"pipeline is prerolling" debug strategy?
Eric Montellese
eric.montellese at videon-central.com
Tue Aug 14 10:24:30 PDT 2012
Thanks Chuck!
--gst-debug-help -- big help! definitely missed that one.
For the pipeline:
In this case, it doesn't seem to be a problem of upstream filters, since
the changes are downstream.
My original pipeline looks something like (simplified, and line breaks
added, for clarity):
gst-launch
videnc name=e ! mux.video_%d muxer name=mux ! filesink location=output.ts
filesrc location=inputfile.mpg ! demux name=d1 ! mux.audio_%d d1. !
viddec ! e.sink_1
this pipeline works -- but to debug an issue with one of the components, I
tried various alternatives, such as pulling out the decode/reencode, or
doing the decode/reencode twice. In both cases, the gst-launch graph shows
that the demux src pads don't get connected to the next elements. That's
the part that doesn't seem to make sense -- since there is nothing upstream
that has changed, and in the case of the extra reencode, there's nothing
immediately downstream that has changed either.

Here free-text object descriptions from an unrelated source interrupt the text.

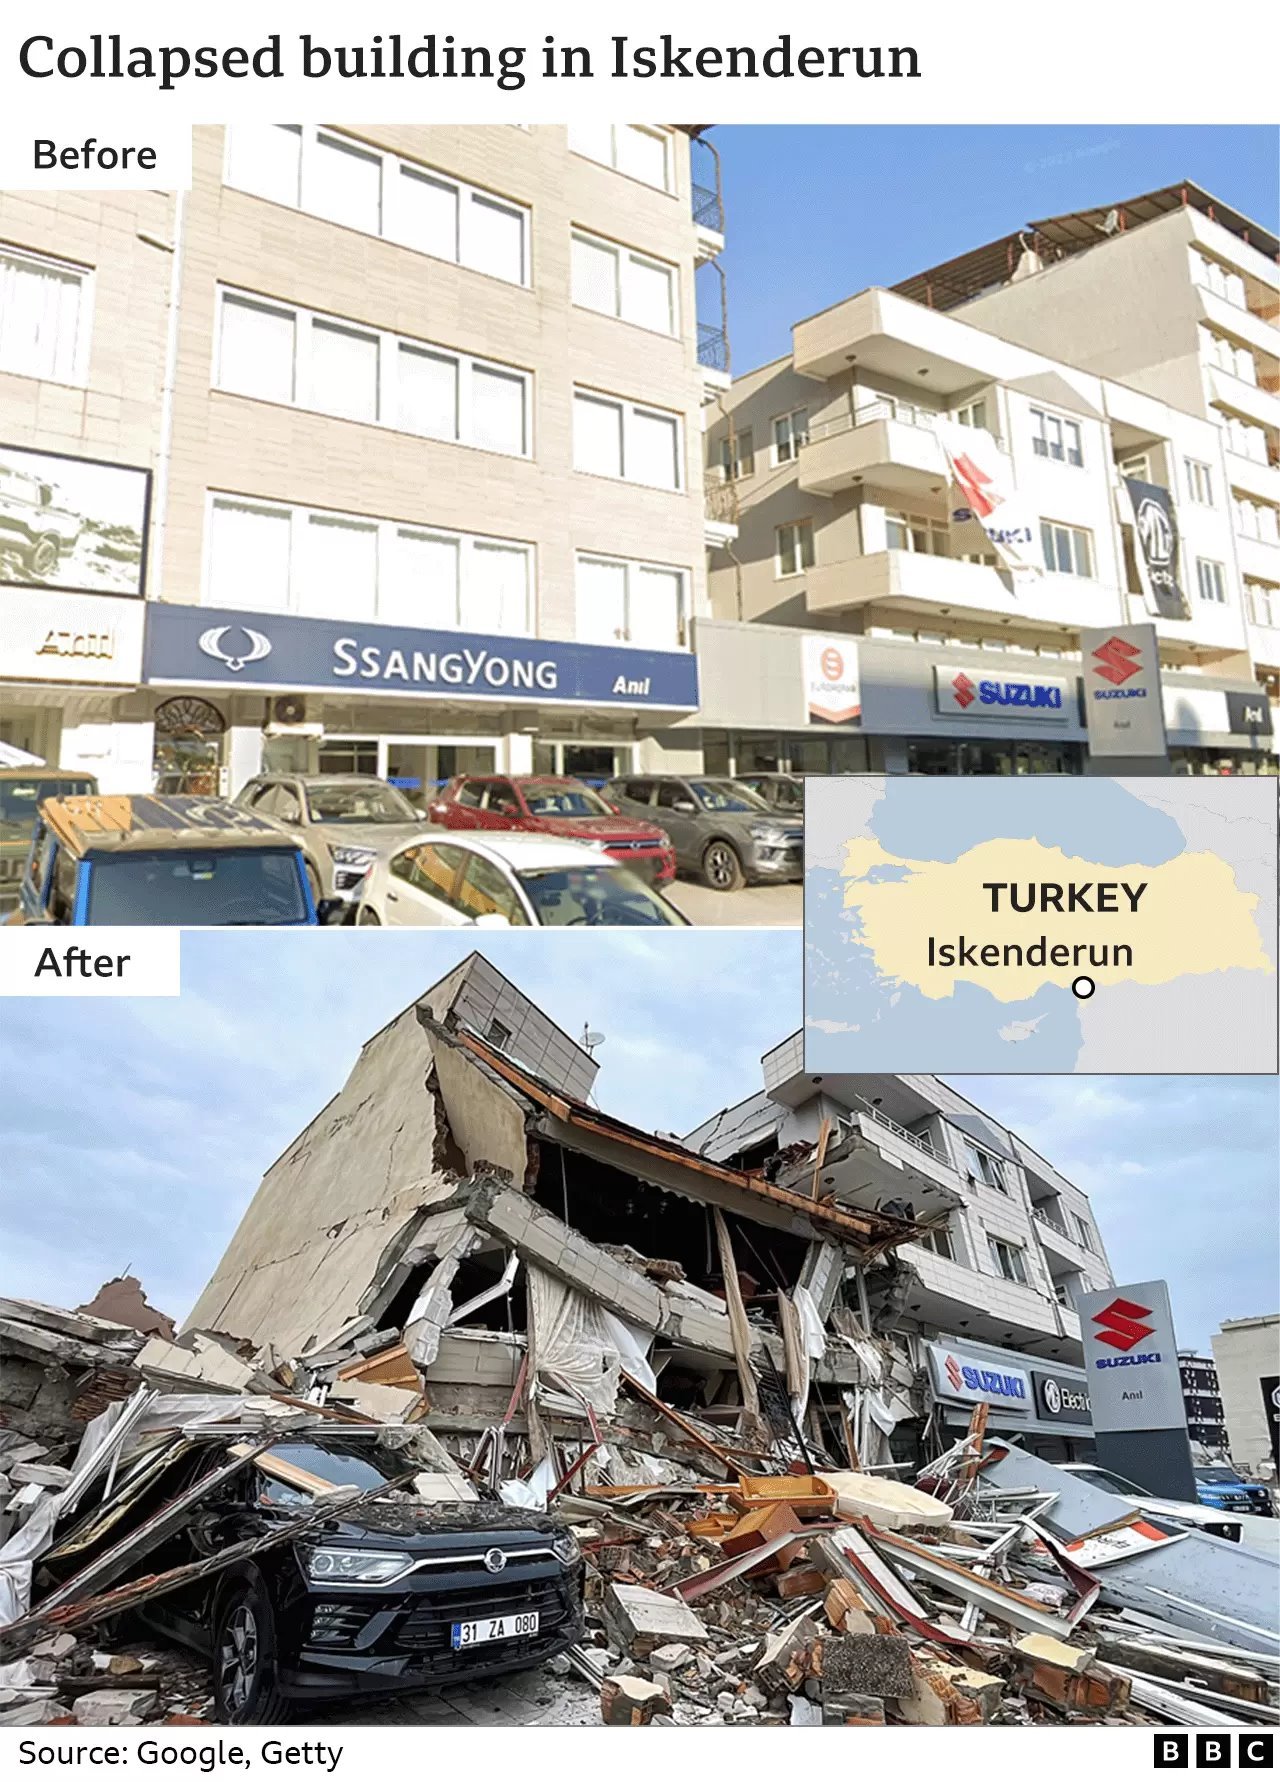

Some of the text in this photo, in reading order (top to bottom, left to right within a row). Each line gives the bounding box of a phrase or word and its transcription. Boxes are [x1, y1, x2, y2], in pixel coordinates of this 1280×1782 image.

[979, 680, 1062, 709] SUZUKI
[1094, 688, 1147, 700] SUZUKI
[1096, 1353, 1162, 1369] SUZUKI
[961, 1365, 1026, 1399] SUZUKI
[462, 1624, 477, 1643] 31
[489, 1619, 505, 1638] ZA
[515, 1614, 537, 1633] 080
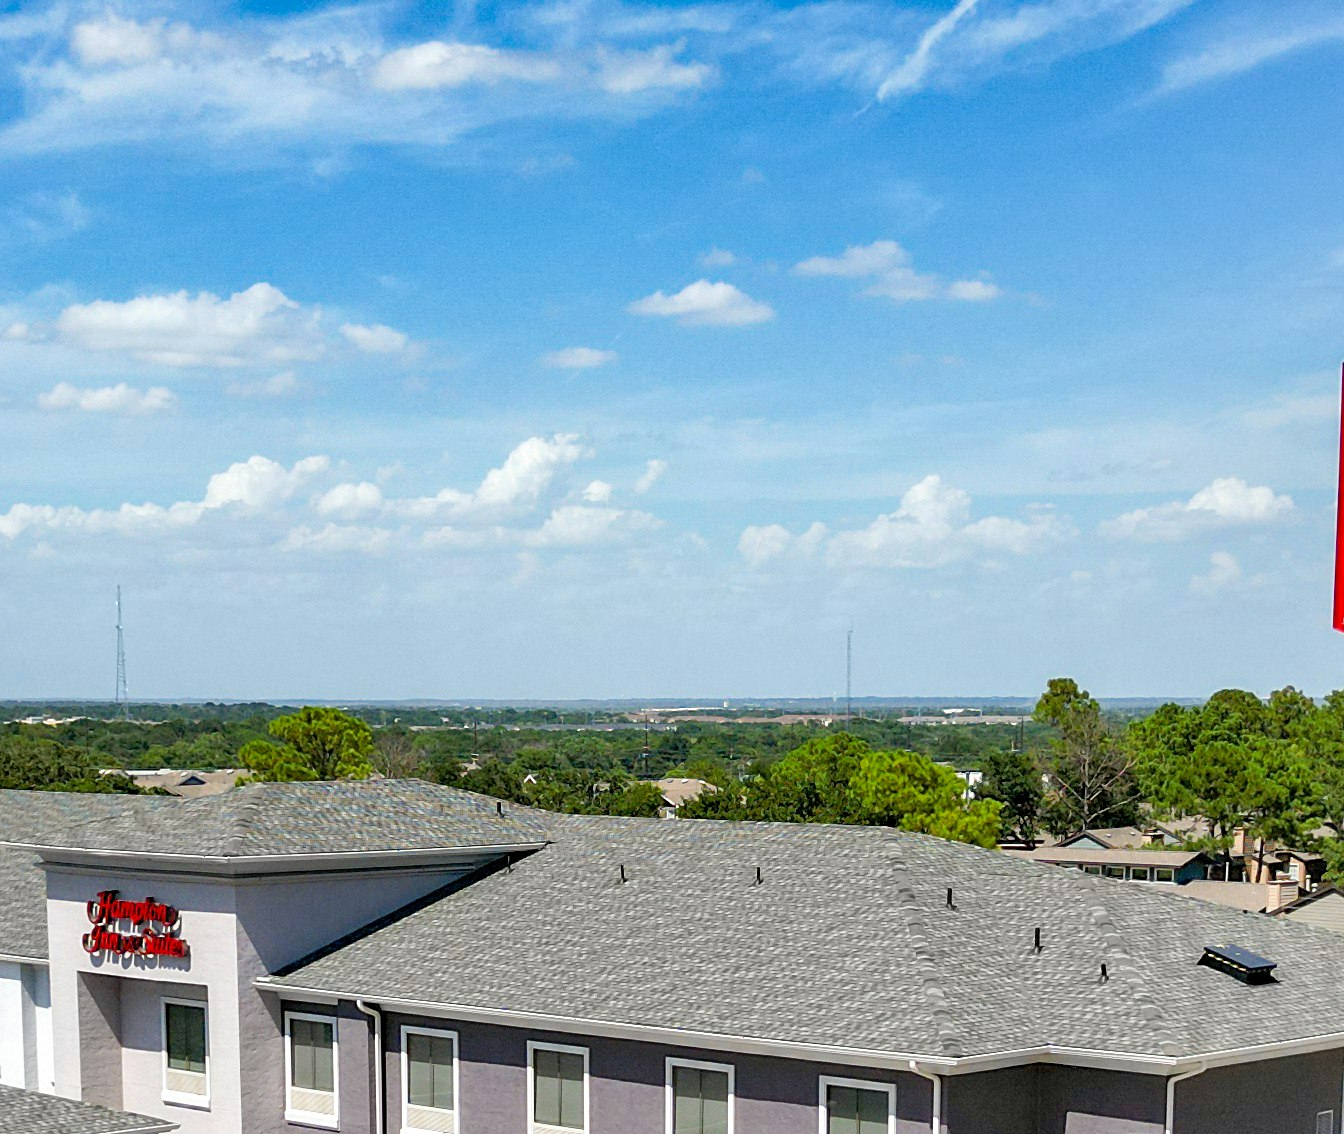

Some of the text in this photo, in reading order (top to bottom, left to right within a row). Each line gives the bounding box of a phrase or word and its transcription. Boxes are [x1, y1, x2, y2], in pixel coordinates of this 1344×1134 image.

[87, 890, 179, 927] Hampton
[82, 925, 128, 954] Inn
[139, 928, 186, 957] Suites
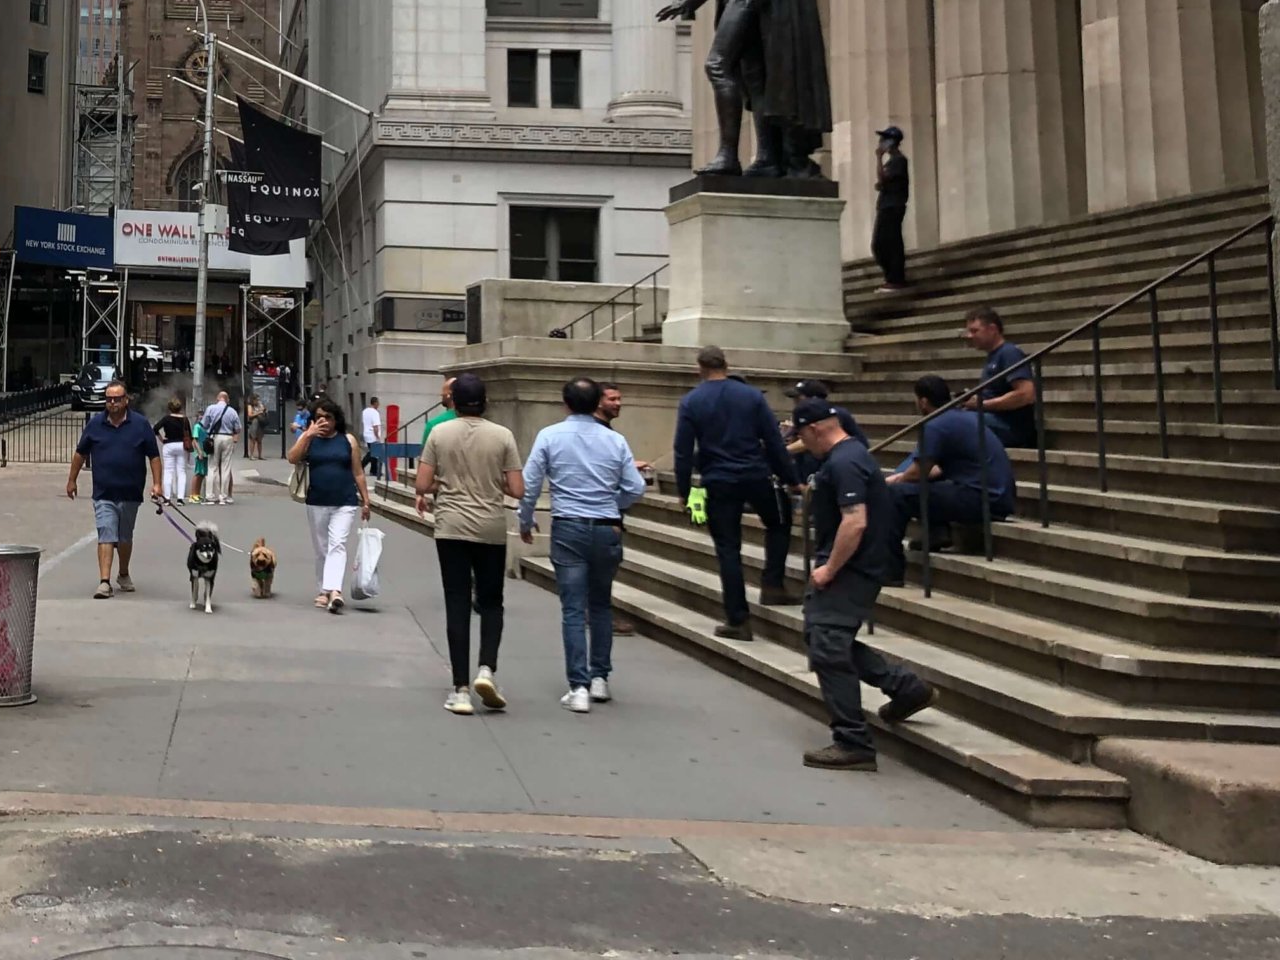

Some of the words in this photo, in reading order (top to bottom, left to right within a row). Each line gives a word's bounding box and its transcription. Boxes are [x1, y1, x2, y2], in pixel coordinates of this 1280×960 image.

[228, 174, 257, 184] NASSAU
[250, 184, 320, 197] EQUINOX
[122, 223, 152, 237] ONE
[158, 224, 195, 239] WALL
[231, 226, 245, 237] EQ
[25, 240, 39, 248] NEW
[41, 241, 55, 249] YORK
[56, 243, 75, 252] STOCK
[76, 245, 106, 256] EXCHANGE
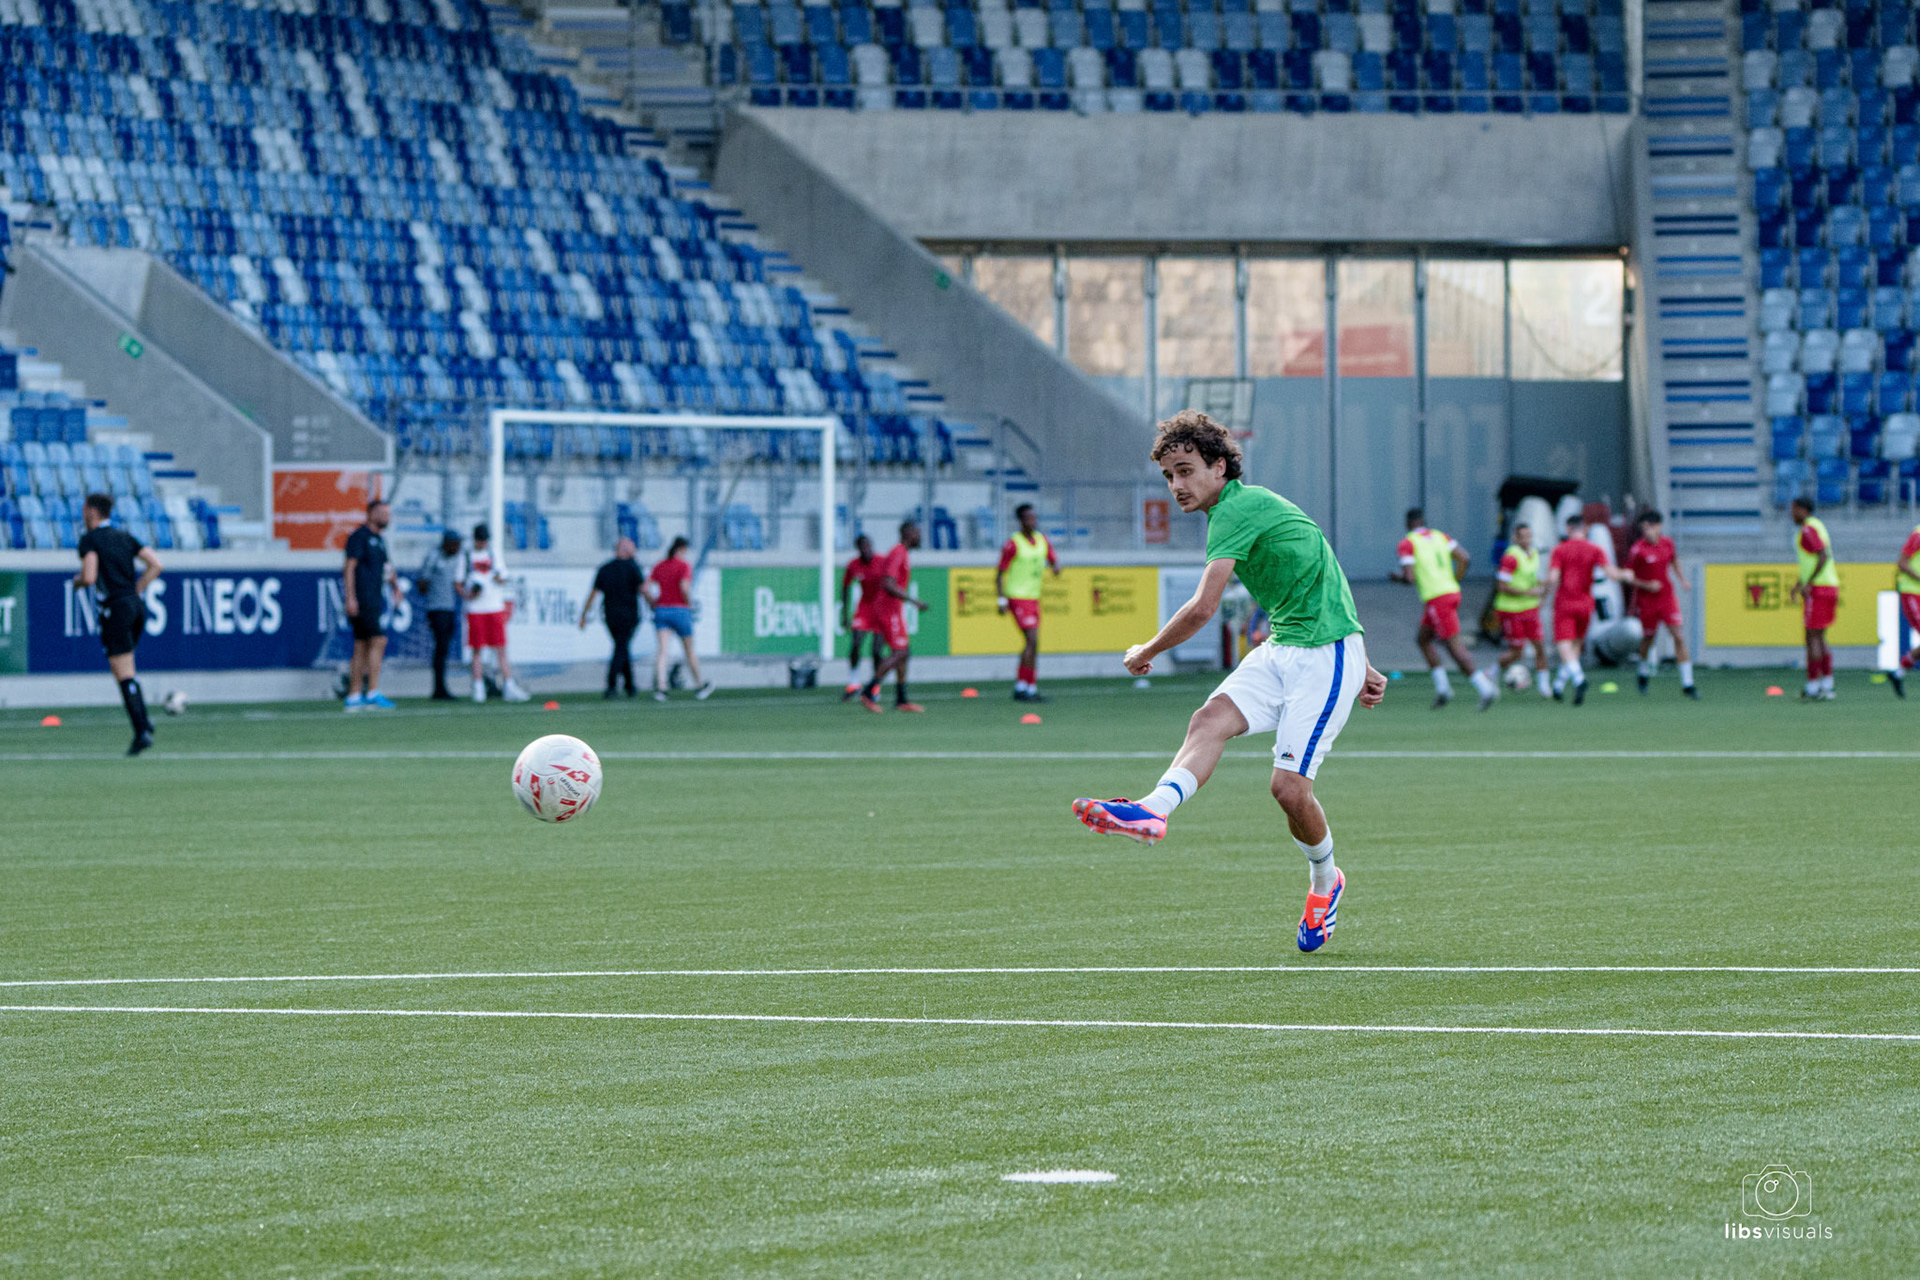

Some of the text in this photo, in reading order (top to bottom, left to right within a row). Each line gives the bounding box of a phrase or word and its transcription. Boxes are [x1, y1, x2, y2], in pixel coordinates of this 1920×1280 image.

[64, 578, 167, 637] INS
[183, 577, 281, 634] INEOS
[318, 577, 412, 633] INS

For reference, here are the two (again, simplified) pipelines I'm referring
to:
no decode/reencode, just demux/remux:
gst-launch
muxer name=mux ! filesink location=output.ts
filesrc location=inputfile.mpg ! demux name=d1 ! mux.audio_%d d1. !
mux.video_%d
add an extra decode/reencode:
gst-launch
videnc name=e ! viddec ! videnc ! mux.video_%d muxer name=mux ! filesink
location=output.ts
filesrc location=inputfile.mpg ! demux name=d1 ! mux.audio_%d d1. !
viddec ! e.sink_1
Thanks,
Eric
On Tue, Aug 14, 2012 at 10:12 AM, Chuck Crisler <ccrisler at mutualink.net>wrote:
> Here is a very useful link -> http://linux.die.net/man/1/gst-launch-0.10
>
> Check out the --gst-debug-help option.
>
> Reading the source code is a drag and you should exhaust all other avenues
> first. I am not an expert but I would suggest these 2 options. There are
> likely more.
>
> 1. Insure that the caps are compatible. If they normally connect then it
> seems like you expect them to be good, but make sure that they are in that
> case. It may be unlikely, but it is possible that something is causing them
> to change.
>
> 2. Make sure that upstream filters are working. It is also possible that
> something failed upstream and gstreamer simply hasn't make that connection
> yet.
>
> Good luck!
>
>
> On Mon, Aug 13, 2012 at 9:22 PM, Eric Montellese <
> eric.montellese at videon-central.com> wrote:
>
>> Chuck, you said:
>> > gst-inspect has an option that lists the plugin debugging name.
>>
>> It does? I can't find it (perhaps in a newer version?). So far, I've
>> had to figure out the debugging name through messy alternative means
>> (reading source code, or dumping everything with level 5 and grepping for
>> likely names).
>>
>>
>> Second question:
>> If, when I create the dot-image of a pipeline I see that two components
>> are not connected (two components which usually connect to each other
>> fine), and no errors are printed; what path would you take for debugging?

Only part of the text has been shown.